Managing data access and retention policies within organizations has become increasingly complex. The challenge lies in balancing strict data governance requirements with efficient access to your databases. A database access proxy with built-in data control and retention capabilities offers a path forward.
This article dives into the essential role a Database Access Proxy plays in achieving robust data control and retention, and how it simplifies compliance while maintaining performance across distributed systems.
What is a Database Access Proxy?
A Database Access Proxy sits between your applications and databases, acting as a mediator. Every request to or from the database passes through the proxy. In doing so, the proxy can analyze, rewrite, and enforce policies on these interactions in real-time.

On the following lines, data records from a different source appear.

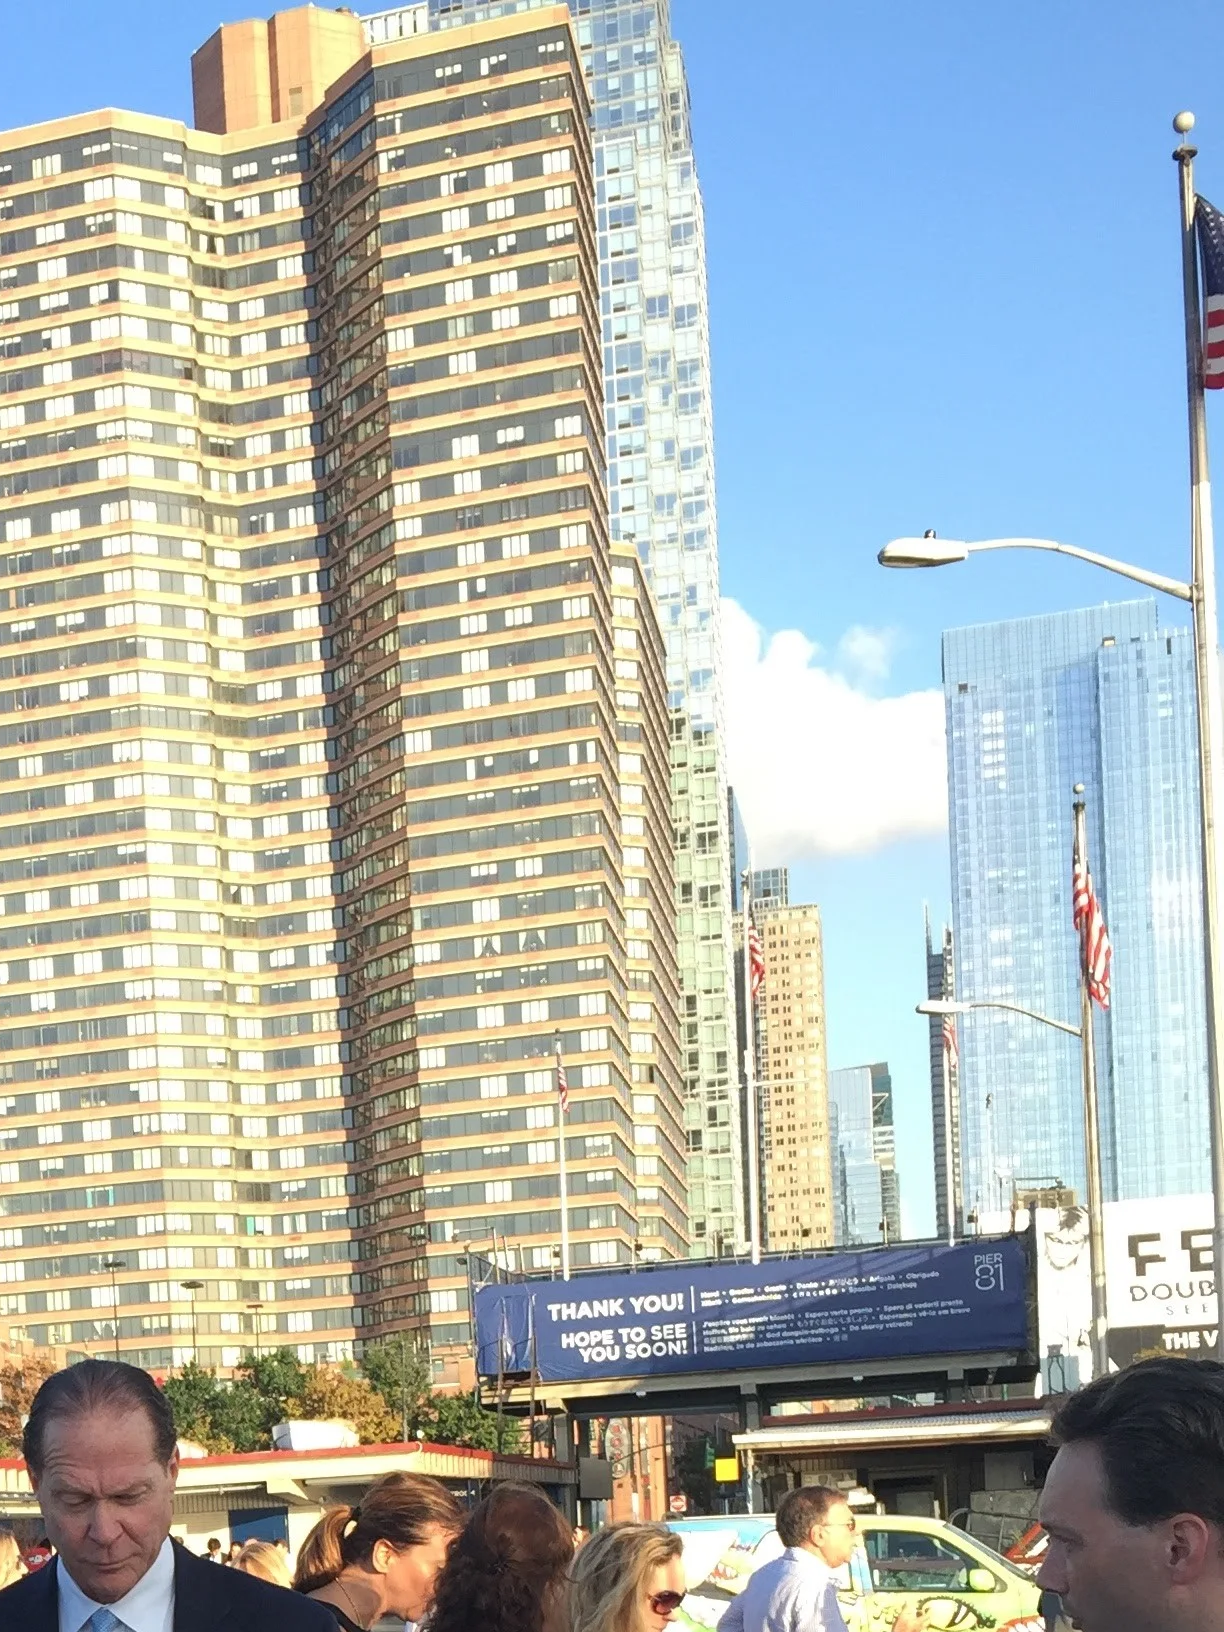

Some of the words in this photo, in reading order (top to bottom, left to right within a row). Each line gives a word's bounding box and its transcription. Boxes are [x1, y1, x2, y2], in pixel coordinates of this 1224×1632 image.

[974, 1253, 1003, 1265] PIER
[974, 1263, 1004, 1291] 81
[547, 1298, 624, 1322] THANK
[629, 1293, 684, 1314] YOU!
[561, 1330, 614, 1348] HOPE
[618, 1326, 646, 1344] TO
[650, 1323, 687, 1340] SEE
[1162, 1331, 1200, 1350] THE
[578, 1345, 620, 1363] YOU
[625, 1340, 688, 1360] SOON!

Unlike database drivers, these proxies are deployed as services and provide flexibility for implementing fine-grained data access rules, ensuring performance and security across multiple databases or even clouds.
Why Merge Data Control and Retention with an Access Proxy?

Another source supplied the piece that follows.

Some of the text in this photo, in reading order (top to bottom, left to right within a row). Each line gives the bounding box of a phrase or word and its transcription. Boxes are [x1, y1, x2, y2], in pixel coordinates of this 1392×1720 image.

When organizations enforce data control and retention policies at the application level, they often face widespread inconsistency: different teams interpret rules their way, leading to fragmented implementation. A database access proxy centralizes this responsibility, sidestepping common pitfalls:
- Unifying Policies: Ensure data retention policies are consistently enforced across all services.
- Simplified Compliance Audits: Ensure there are logs of database interactions to show compliance with data regulations like GDPR or HIPAA.

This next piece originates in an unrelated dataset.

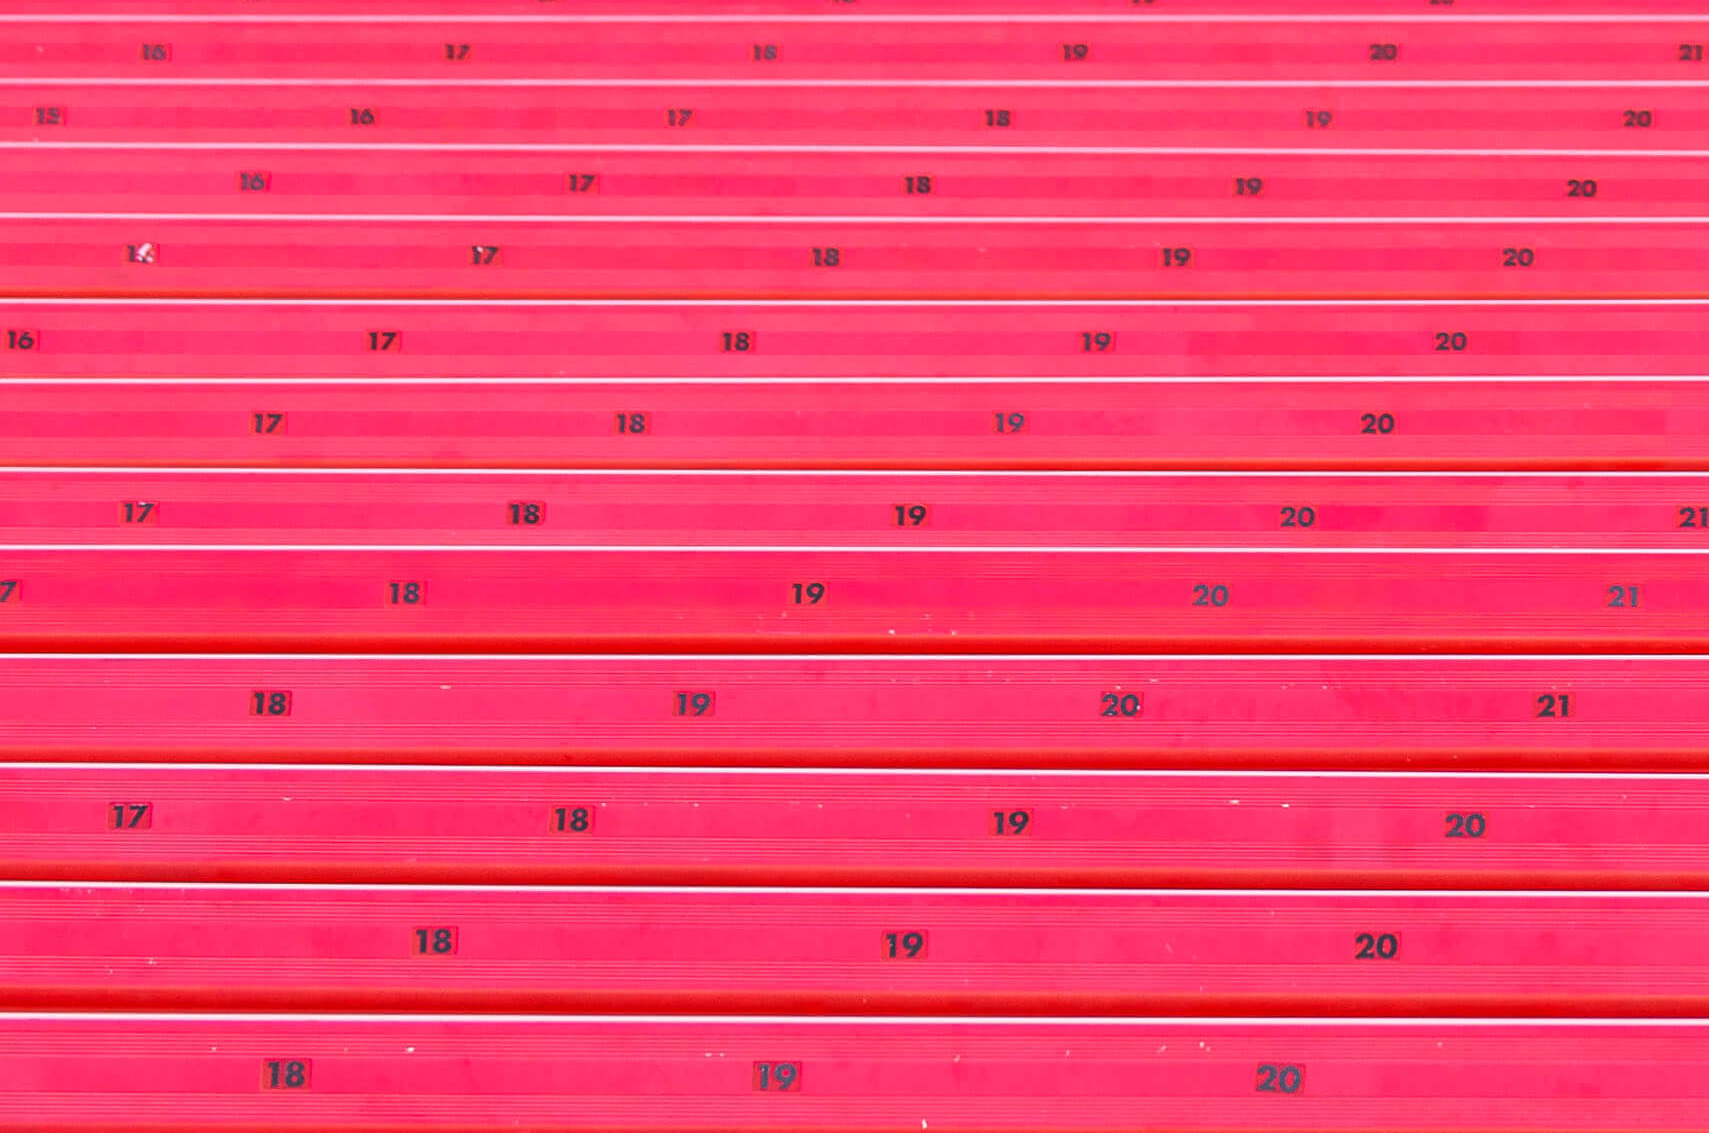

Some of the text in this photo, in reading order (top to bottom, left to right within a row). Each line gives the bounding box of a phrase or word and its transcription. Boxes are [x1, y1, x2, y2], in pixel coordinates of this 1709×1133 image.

- Secure Data Access: Reduce insider and outsider threats by restricting access at the query level, enforcing limits, or redacting sensitive information on the fly.
Key Features of Data Control & Retention in Proxies
A robust Database Access Proxy designed for data governance should include the following:
Fine-Grained Access Control
Control who can query what, even down to individual users or dataset levels, without modifying your application logic.